Brief:
Everything from the line containing "this 1512×1344 image." through the end of the entries should be output exactly; nothing before it is wanted.
(Data extracts begins)
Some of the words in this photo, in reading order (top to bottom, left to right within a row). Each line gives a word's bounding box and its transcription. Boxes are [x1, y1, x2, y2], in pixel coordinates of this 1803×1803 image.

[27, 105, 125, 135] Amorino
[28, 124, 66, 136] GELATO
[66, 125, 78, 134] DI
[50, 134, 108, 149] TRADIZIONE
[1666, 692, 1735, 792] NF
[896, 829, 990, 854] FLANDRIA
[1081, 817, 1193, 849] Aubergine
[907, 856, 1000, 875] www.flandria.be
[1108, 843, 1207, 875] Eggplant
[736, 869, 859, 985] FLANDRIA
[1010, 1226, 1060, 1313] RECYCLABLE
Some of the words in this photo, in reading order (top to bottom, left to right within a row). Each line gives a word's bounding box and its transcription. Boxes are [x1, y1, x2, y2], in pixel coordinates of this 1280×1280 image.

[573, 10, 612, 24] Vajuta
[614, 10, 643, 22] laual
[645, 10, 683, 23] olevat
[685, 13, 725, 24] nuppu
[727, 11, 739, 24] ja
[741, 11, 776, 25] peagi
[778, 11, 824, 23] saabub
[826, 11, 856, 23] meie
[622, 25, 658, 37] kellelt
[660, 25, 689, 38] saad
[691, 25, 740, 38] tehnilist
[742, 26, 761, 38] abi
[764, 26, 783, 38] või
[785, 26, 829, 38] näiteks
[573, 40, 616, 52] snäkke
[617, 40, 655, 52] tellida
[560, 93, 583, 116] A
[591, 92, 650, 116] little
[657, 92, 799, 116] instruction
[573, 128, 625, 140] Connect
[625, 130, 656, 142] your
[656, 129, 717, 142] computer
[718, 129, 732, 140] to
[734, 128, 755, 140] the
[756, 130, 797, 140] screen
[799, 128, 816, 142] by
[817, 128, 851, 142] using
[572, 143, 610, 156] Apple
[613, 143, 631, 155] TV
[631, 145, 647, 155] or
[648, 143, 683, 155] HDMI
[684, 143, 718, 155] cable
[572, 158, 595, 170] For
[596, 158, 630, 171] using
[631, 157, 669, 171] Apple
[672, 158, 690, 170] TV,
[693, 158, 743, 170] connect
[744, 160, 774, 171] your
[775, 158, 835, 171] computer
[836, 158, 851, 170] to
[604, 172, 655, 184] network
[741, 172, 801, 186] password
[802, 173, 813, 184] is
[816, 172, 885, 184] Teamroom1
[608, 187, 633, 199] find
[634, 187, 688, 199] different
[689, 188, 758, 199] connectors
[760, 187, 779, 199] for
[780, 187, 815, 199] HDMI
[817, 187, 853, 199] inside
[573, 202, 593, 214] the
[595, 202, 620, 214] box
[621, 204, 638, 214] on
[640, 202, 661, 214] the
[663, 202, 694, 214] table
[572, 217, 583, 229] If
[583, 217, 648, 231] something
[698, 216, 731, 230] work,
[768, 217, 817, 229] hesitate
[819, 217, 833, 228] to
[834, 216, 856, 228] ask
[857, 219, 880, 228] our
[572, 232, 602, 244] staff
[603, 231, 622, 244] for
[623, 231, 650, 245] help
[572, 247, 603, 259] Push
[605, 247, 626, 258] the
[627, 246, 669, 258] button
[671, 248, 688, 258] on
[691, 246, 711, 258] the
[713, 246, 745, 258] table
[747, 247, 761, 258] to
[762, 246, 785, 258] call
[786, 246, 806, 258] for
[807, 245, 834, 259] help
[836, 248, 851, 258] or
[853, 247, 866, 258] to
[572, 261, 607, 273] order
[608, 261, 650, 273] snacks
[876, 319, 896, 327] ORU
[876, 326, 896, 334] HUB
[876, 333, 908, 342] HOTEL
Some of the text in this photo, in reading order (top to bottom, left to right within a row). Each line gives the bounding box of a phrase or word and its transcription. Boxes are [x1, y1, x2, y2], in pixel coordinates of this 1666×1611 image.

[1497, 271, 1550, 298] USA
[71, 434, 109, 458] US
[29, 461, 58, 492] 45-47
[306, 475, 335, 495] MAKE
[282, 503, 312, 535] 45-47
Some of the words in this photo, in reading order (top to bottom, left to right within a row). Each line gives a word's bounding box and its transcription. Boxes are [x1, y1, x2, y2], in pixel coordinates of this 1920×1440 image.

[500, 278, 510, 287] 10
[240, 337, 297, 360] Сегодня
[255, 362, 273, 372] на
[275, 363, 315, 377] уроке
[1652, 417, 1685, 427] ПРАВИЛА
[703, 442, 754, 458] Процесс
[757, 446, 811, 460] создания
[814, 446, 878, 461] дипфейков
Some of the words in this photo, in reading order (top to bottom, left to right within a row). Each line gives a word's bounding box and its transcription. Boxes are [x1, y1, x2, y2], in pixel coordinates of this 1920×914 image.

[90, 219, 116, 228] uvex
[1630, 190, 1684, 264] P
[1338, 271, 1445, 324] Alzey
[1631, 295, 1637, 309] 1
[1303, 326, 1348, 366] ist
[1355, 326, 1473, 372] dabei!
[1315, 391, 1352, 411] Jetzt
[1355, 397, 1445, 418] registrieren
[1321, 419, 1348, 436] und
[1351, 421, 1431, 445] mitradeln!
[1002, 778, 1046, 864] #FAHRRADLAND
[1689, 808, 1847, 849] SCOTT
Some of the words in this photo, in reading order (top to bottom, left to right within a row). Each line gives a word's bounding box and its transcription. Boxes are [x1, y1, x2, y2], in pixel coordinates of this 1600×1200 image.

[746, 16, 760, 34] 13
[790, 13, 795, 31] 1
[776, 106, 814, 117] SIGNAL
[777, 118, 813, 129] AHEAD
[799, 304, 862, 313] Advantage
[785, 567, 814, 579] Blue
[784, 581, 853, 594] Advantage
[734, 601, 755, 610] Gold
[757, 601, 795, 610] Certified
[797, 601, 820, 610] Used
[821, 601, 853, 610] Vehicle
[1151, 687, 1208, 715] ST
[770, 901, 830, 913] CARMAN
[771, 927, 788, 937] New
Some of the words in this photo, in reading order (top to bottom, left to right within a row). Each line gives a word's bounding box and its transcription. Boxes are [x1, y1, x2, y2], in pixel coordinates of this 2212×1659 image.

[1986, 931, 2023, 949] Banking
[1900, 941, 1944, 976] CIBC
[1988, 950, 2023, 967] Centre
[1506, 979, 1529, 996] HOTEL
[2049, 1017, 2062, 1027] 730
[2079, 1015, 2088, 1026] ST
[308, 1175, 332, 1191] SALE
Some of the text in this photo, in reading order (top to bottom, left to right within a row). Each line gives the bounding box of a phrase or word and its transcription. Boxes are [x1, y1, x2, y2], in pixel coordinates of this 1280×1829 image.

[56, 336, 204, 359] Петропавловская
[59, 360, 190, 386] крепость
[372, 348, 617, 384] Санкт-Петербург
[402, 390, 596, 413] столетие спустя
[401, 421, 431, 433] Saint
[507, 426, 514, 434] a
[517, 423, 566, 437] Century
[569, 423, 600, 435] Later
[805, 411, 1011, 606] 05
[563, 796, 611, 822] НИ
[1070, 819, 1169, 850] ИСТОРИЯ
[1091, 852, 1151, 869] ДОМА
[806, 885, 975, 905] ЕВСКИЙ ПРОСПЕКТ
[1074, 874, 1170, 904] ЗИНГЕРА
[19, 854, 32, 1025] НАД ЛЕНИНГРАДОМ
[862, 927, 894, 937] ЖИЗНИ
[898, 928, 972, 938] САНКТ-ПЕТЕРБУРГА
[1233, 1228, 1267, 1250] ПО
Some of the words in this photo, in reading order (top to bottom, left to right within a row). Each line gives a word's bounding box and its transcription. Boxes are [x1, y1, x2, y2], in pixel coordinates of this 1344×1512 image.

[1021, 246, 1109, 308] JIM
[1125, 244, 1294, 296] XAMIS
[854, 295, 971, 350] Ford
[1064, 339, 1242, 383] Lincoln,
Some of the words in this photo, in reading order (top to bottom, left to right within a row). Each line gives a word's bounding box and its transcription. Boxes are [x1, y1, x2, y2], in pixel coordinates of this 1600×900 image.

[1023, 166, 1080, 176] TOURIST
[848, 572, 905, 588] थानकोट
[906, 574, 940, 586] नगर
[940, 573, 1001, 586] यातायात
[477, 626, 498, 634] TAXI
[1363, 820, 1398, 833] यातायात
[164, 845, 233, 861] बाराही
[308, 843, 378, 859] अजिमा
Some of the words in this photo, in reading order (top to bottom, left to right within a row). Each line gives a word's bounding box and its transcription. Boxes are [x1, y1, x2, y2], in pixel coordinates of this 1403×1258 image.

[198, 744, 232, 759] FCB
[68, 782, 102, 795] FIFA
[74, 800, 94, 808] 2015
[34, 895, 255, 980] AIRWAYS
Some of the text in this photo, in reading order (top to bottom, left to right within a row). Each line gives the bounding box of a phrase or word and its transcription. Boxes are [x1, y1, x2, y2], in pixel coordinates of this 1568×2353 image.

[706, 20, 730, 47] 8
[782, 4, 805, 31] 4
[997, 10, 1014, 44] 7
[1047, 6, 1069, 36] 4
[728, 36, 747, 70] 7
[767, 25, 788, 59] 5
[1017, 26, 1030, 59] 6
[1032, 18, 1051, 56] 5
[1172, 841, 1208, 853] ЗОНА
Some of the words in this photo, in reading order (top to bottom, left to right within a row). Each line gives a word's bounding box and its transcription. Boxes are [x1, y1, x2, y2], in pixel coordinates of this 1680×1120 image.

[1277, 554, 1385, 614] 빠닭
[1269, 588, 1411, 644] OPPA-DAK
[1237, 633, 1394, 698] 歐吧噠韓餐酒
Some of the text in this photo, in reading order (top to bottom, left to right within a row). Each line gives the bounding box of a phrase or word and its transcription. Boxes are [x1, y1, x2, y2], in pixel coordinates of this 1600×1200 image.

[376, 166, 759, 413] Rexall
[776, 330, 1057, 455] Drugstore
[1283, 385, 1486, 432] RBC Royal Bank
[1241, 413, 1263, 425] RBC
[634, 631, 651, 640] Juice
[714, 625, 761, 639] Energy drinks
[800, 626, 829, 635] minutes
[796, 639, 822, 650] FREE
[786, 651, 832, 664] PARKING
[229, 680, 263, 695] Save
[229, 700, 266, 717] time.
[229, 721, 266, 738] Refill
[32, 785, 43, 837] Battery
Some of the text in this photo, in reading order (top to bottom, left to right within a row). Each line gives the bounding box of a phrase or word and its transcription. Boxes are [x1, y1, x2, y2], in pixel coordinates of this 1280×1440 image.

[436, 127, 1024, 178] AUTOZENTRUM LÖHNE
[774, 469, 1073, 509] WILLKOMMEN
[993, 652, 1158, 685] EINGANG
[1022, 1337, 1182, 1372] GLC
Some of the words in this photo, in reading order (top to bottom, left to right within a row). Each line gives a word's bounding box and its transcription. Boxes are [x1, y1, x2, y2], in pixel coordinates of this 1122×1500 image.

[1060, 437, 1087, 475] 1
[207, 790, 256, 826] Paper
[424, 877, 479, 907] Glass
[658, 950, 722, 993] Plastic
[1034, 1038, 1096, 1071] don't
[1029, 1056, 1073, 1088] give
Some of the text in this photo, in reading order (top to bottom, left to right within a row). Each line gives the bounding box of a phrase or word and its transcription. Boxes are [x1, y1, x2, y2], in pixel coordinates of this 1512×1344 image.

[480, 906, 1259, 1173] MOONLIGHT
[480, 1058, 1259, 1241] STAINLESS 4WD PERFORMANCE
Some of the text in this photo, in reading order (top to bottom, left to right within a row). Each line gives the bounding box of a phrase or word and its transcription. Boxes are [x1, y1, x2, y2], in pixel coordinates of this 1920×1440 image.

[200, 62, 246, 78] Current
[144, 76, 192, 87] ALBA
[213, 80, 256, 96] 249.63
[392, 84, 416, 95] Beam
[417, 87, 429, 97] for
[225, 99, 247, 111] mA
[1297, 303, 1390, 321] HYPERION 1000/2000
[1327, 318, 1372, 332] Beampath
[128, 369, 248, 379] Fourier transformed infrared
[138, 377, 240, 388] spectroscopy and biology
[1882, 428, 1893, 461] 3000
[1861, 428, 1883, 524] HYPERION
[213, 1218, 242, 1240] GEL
(Data extracts ends)
Answer box:
Some of the text in this photo, in reading order (top to bottom, left to right within a row). Each line gives the bounding box of a phrase or word and its transcription. Boxes are [x1, y1, x2, y2], in pixel coordinates of this 1512×1344 image.

[480, 906, 1259, 1173] MOONLIGHT
[480, 1058, 1259, 1241] STAINLESS 4WD PERFORMANCE
Some of the text in this photo, in reading order (top to bottom, left to right within a row). Each line gives the bounding box of a phrase or word and its transcription. Boxes are [x1, y1, x2, y2], in pixel coordinates of this 1920×1440 image.

[200, 62, 246, 78] Current
[144, 76, 192, 87] ALBA
[213, 80, 256, 96] 249.63
[392, 84, 416, 95] Beam
[417, 87, 429, 97] for
[225, 99, 247, 111] mA
[1297, 303, 1390, 321] HYPERION 1000/2000
[1327, 318, 1372, 332] Beampath
[128, 369, 248, 379] Fourier transformed infrared
[138, 377, 240, 388] spectroscopy and biology
[1882, 428, 1893, 461] 3000
[1861, 428, 1883, 524] HYPERION
[213, 1218, 242, 1240] GEL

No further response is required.